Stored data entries
-----

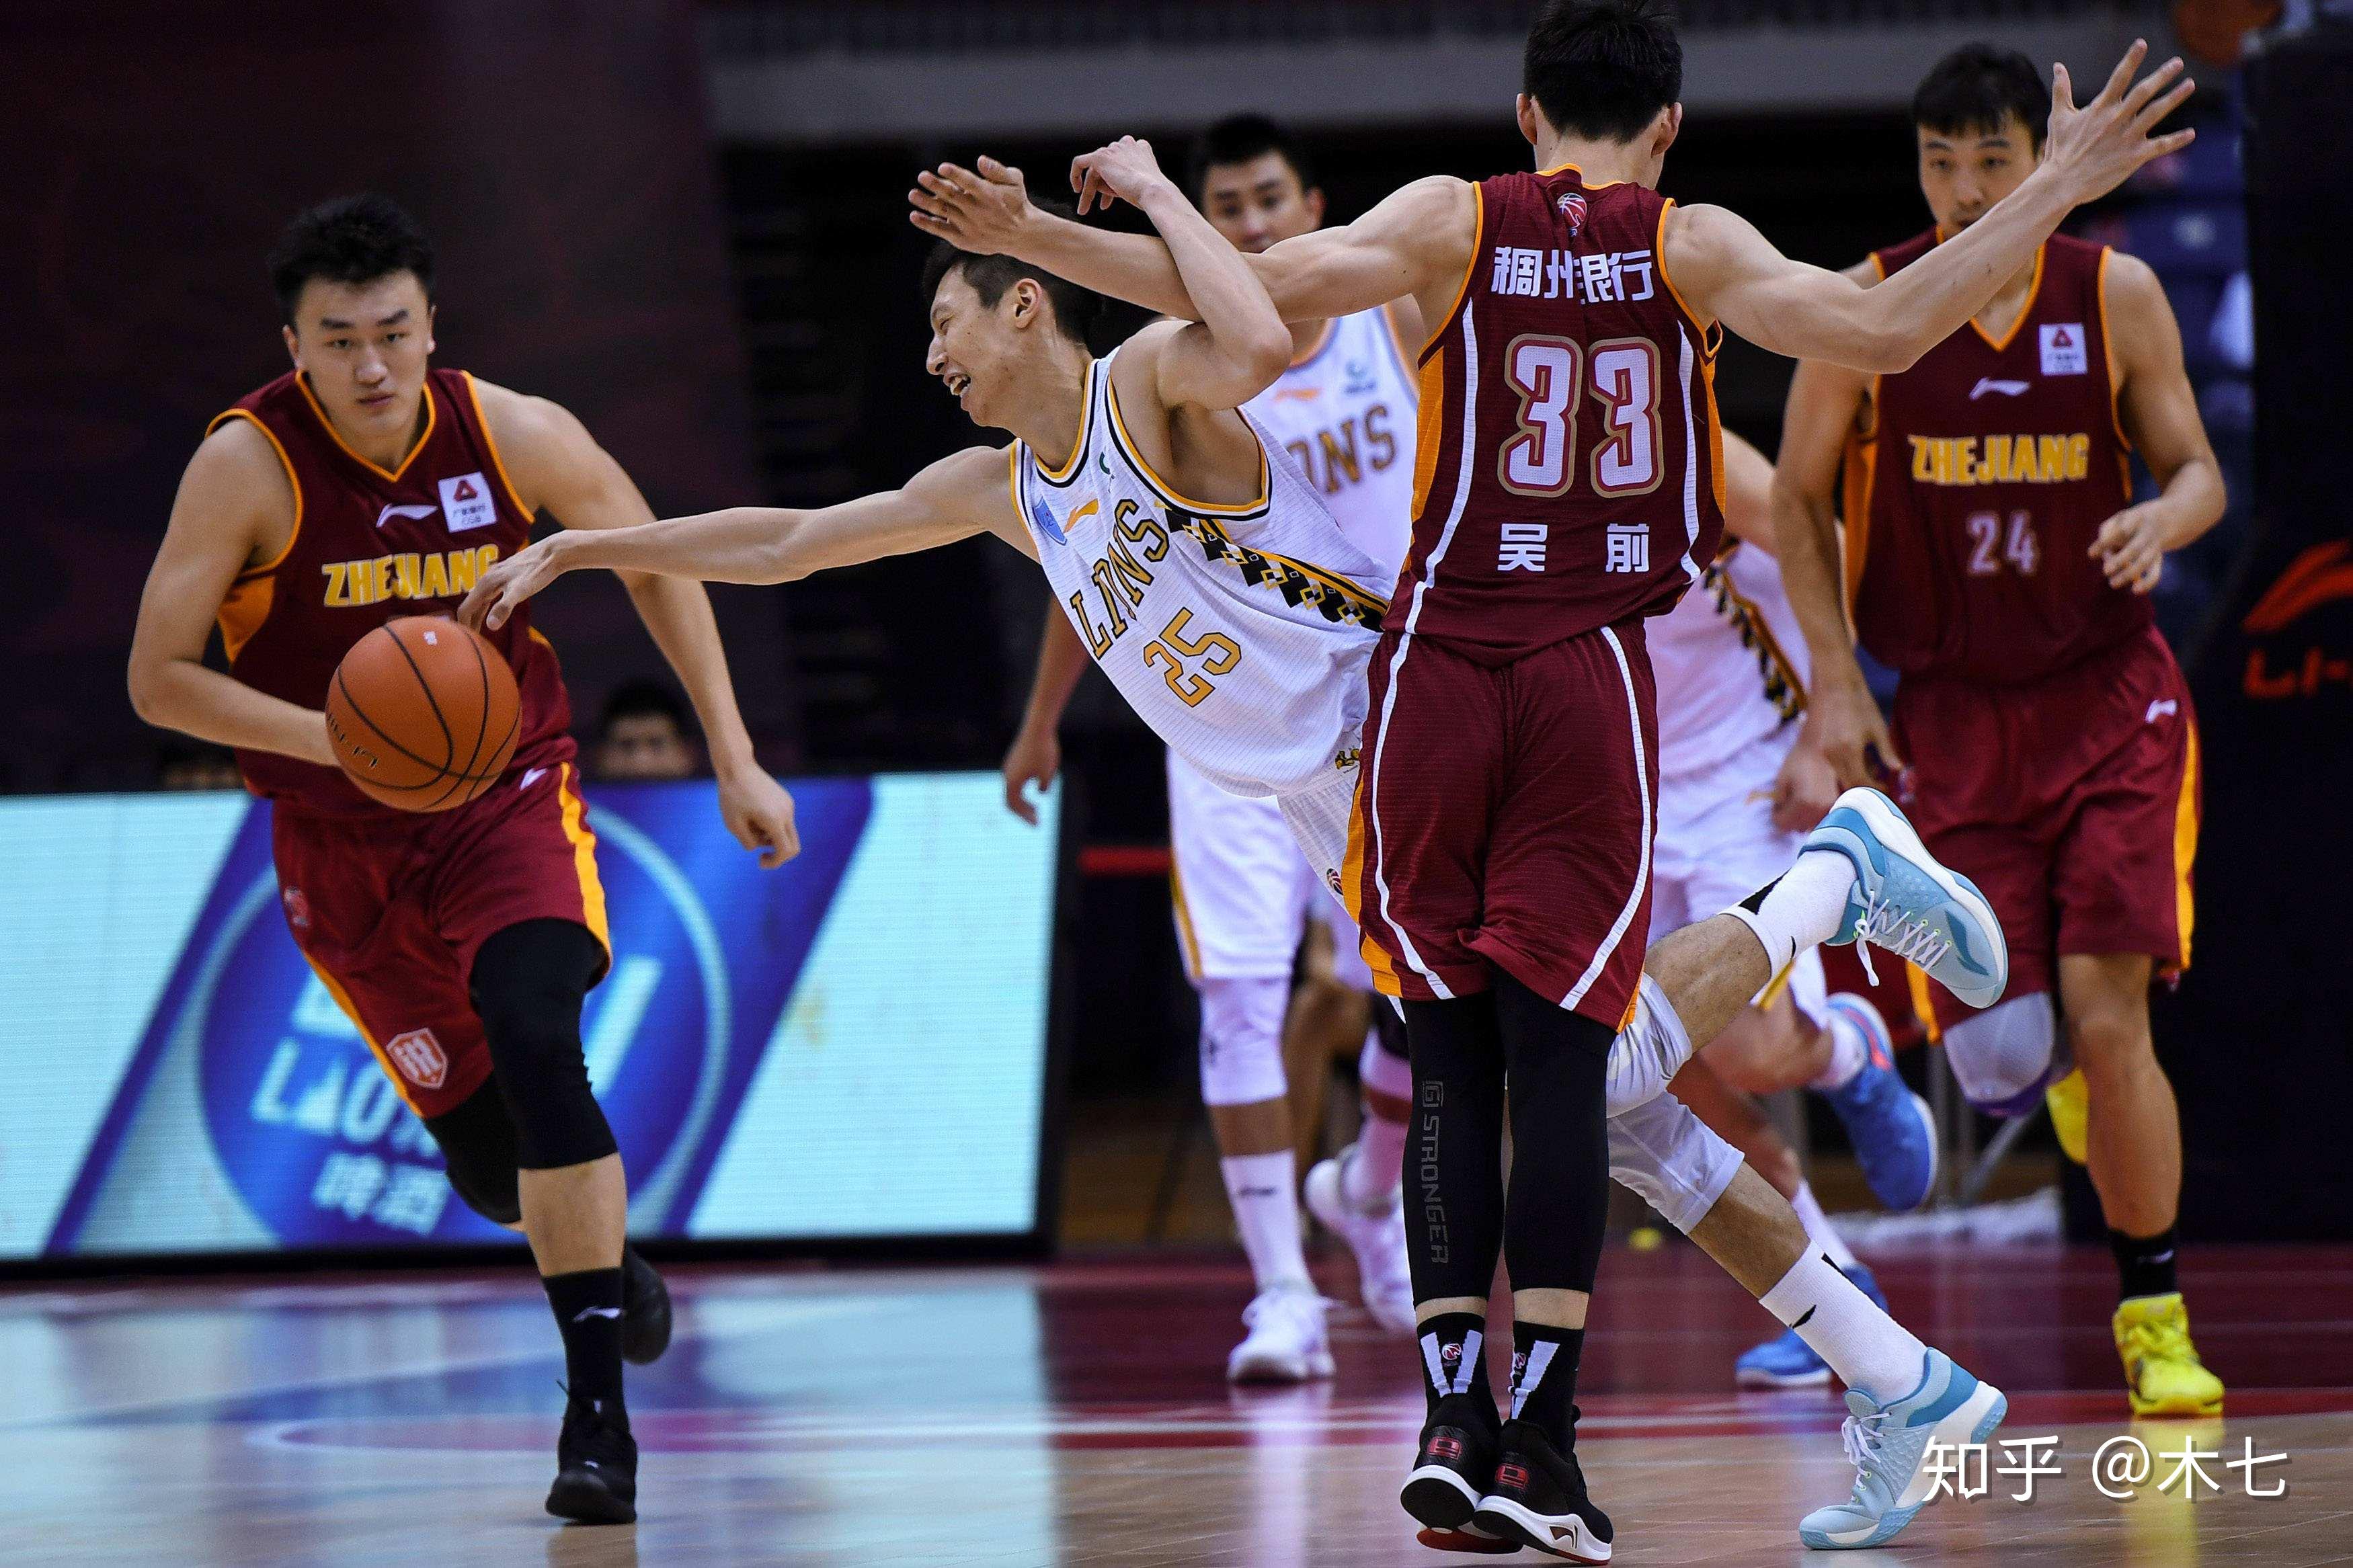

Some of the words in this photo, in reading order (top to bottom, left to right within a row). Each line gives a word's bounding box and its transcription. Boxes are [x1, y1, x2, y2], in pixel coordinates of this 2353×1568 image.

[1490, 245, 1654, 304] 稠州银行
[1497, 333, 1665, 499] 33
[1907, 433, 2090, 486] ZHEJIANG
[1497, 523, 1548, 573] 吴
[1605, 523, 1650, 573] 前
[1965, 509, 2042, 577] 24
[1143, 606, 1242, 708] 25
[1421, 1114, 1450, 1264] STRONGER
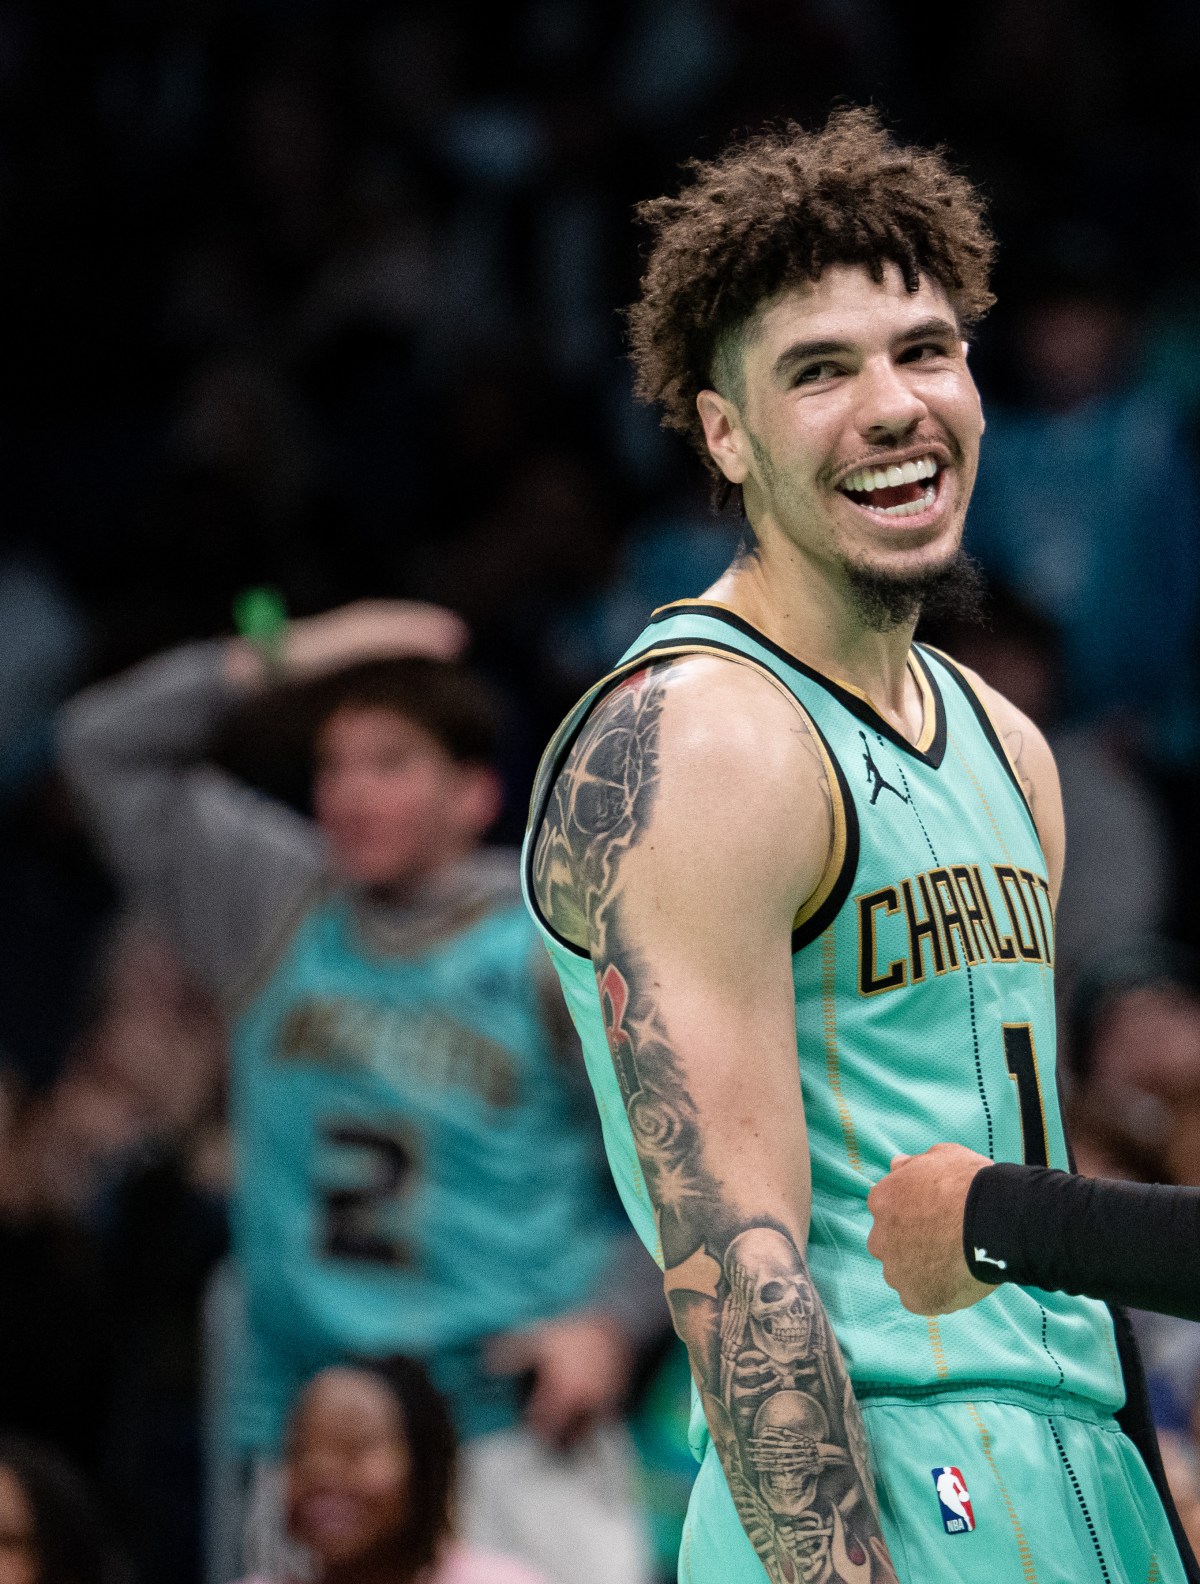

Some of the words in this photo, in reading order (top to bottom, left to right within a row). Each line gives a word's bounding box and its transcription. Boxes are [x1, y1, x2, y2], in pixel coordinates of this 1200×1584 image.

[1002, 1023, 1049, 1168] 1
[315, 1115, 418, 1266] 2
[946, 1518, 965, 1532] NBA

-----

Work instructions: An exact transcription of the records above is needed, with no pictures included.

Written solution:
Some of the words in this photo, in reading order (top to bottom, left to right within a row). Each line gives a word's bounding box and its transcription. Boxes are [x1, y1, x2, y2], in pixel coordinates of this 2353×1568 image.

[1490, 245, 1654, 304] 稠州银行
[1497, 333, 1665, 499] 33
[1907, 433, 2090, 486] ZHEJIANG
[1497, 523, 1548, 573] 吴
[1605, 523, 1650, 573] 前
[1965, 509, 2042, 577] 24
[1143, 606, 1242, 708] 25
[1421, 1114, 1450, 1264] STRONGER

Some of the words in this photo, in reading order (top to bottom, left to right within a row). Each line gives a word's bounding box and its transcription. Boxes are [x1, y1, x2, y2], in pixel coordinates of this 1200×1584 image.

[1002, 1023, 1049, 1168] 1
[315, 1115, 418, 1266] 2
[946, 1518, 965, 1532] NBA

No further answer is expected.